━━ ENTRIES SUPPLIED

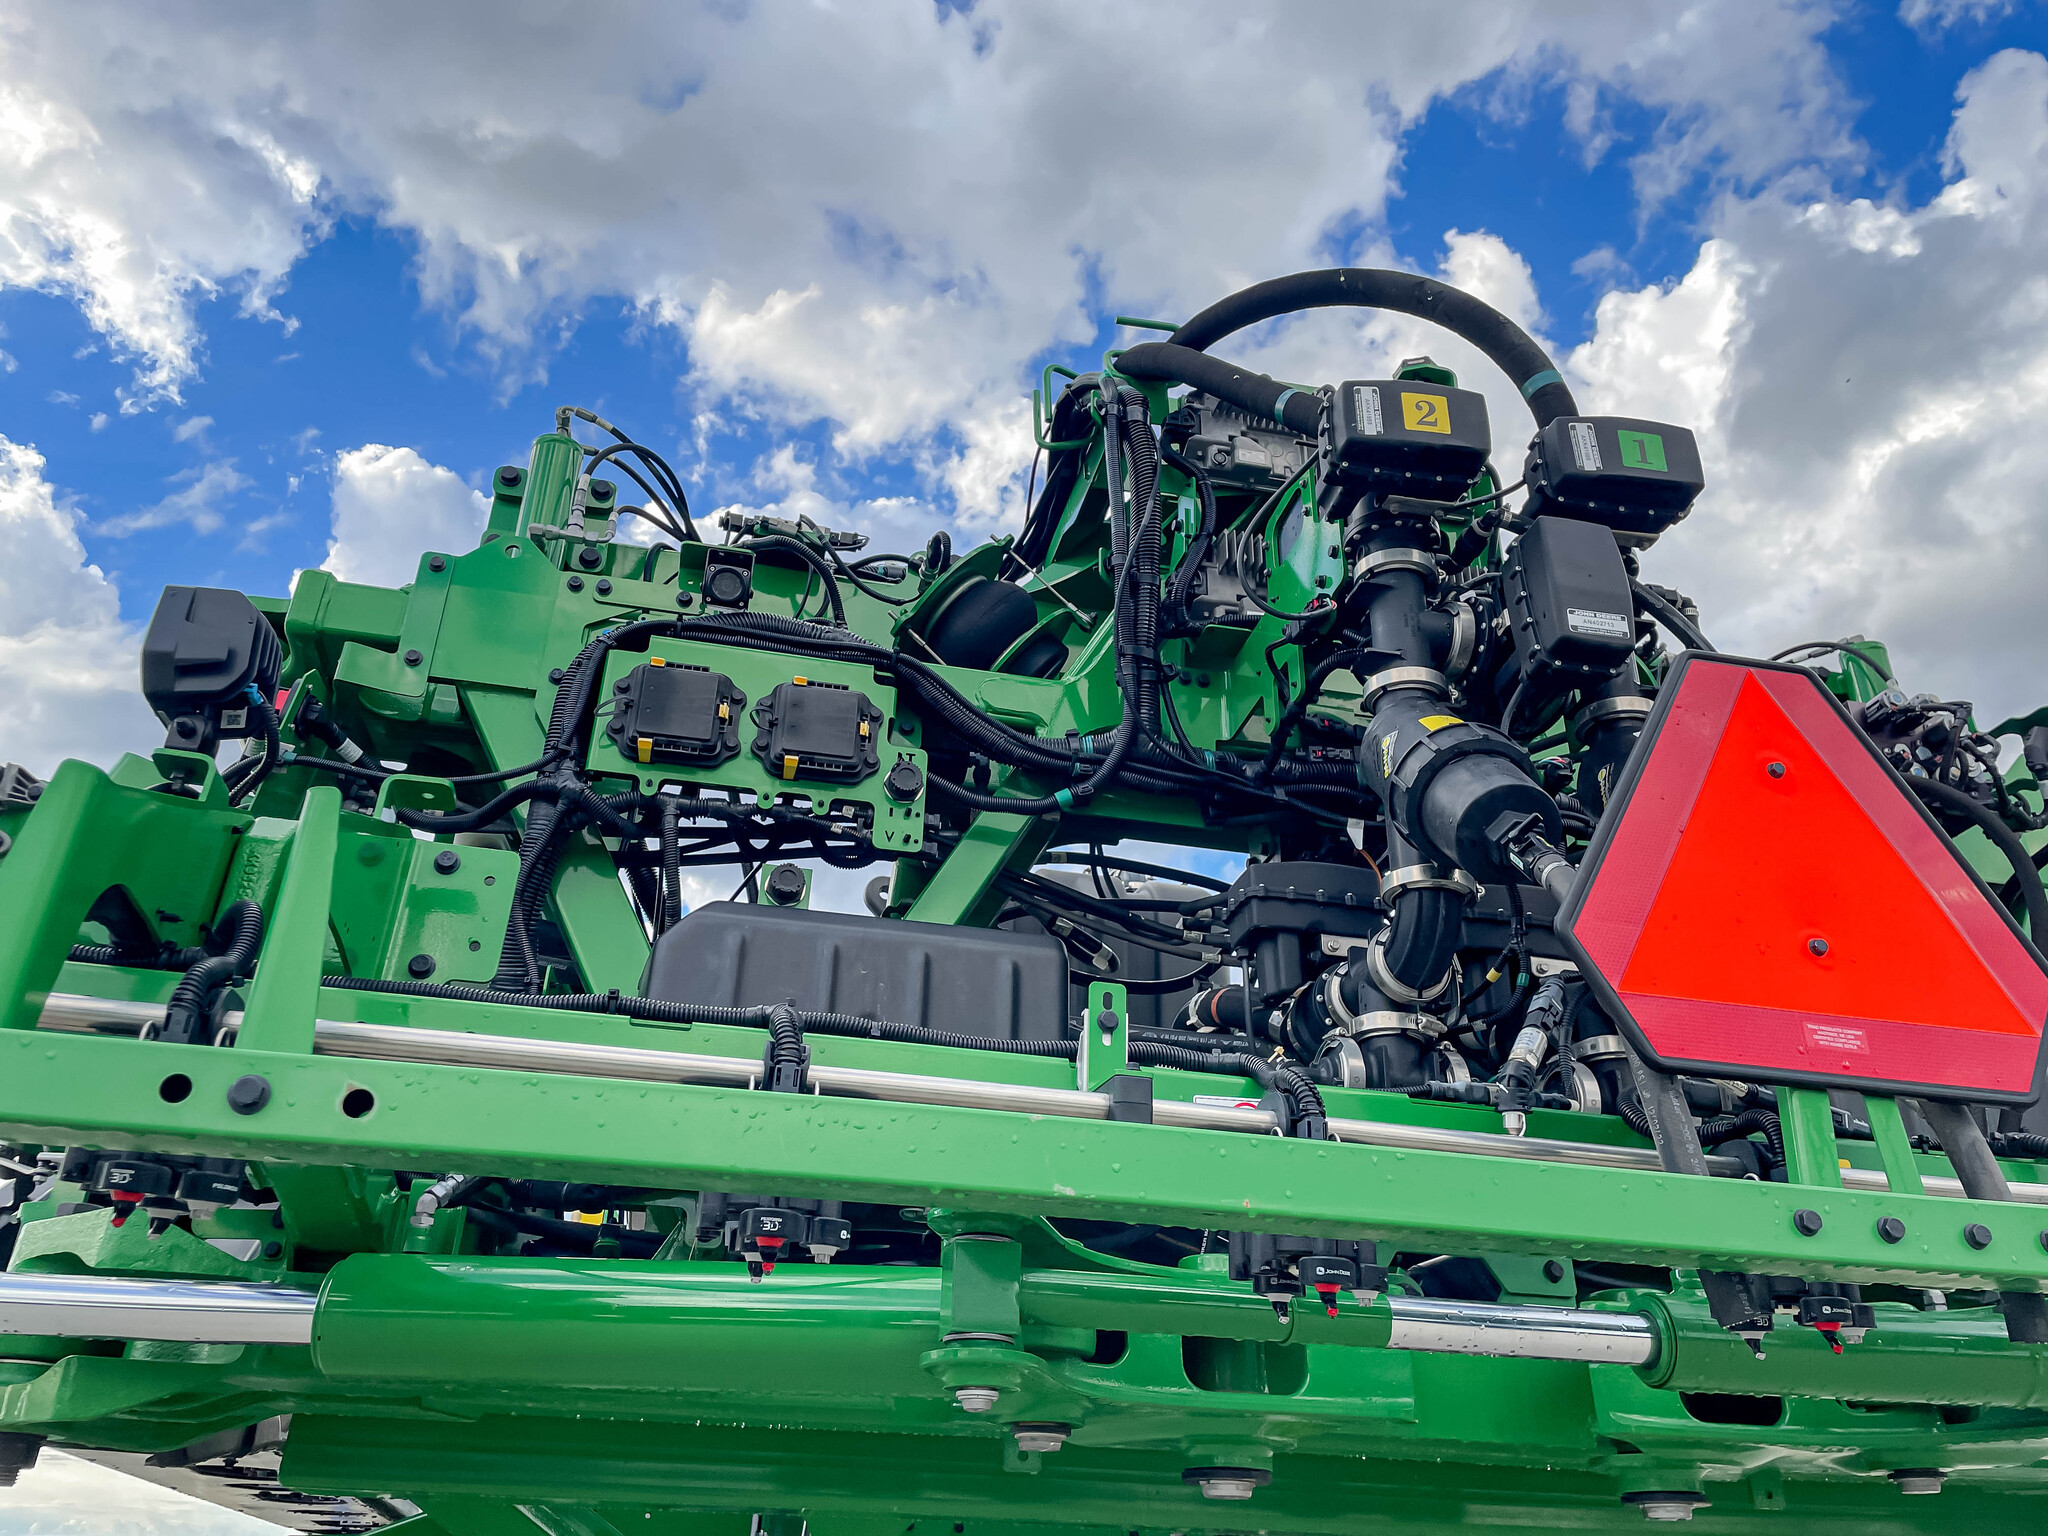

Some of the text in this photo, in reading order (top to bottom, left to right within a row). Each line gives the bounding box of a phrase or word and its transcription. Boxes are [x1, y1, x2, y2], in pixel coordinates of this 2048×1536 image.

[1374, 411, 1382, 432] DEERE
[1415, 400, 1438, 427] 2
[1588, 428, 1596, 446] JOHN
[1632, 439, 1655, 465] 1
[1596, 613, 1622, 621] DEERE
[885, 830, 895, 842] V
[1636, 1069, 1646, 1084] PSI

━━━━

Would you retype the entries above in full, exactly as written, minus the pictures?

Some of the text in this photo, in reading order (top to bottom, left to right within a row). Each line gives the bounding box of a phrase or word and its transcription. Boxes are [x1, y1, x2, y2], in pixel coordinates of this 2048×1536 image.

[1374, 411, 1382, 432] DEERE
[1415, 400, 1438, 427] 2
[1588, 428, 1596, 446] JOHN
[1632, 439, 1655, 465] 1
[1596, 613, 1622, 621] DEERE
[885, 830, 895, 842] V
[1636, 1069, 1646, 1084] PSI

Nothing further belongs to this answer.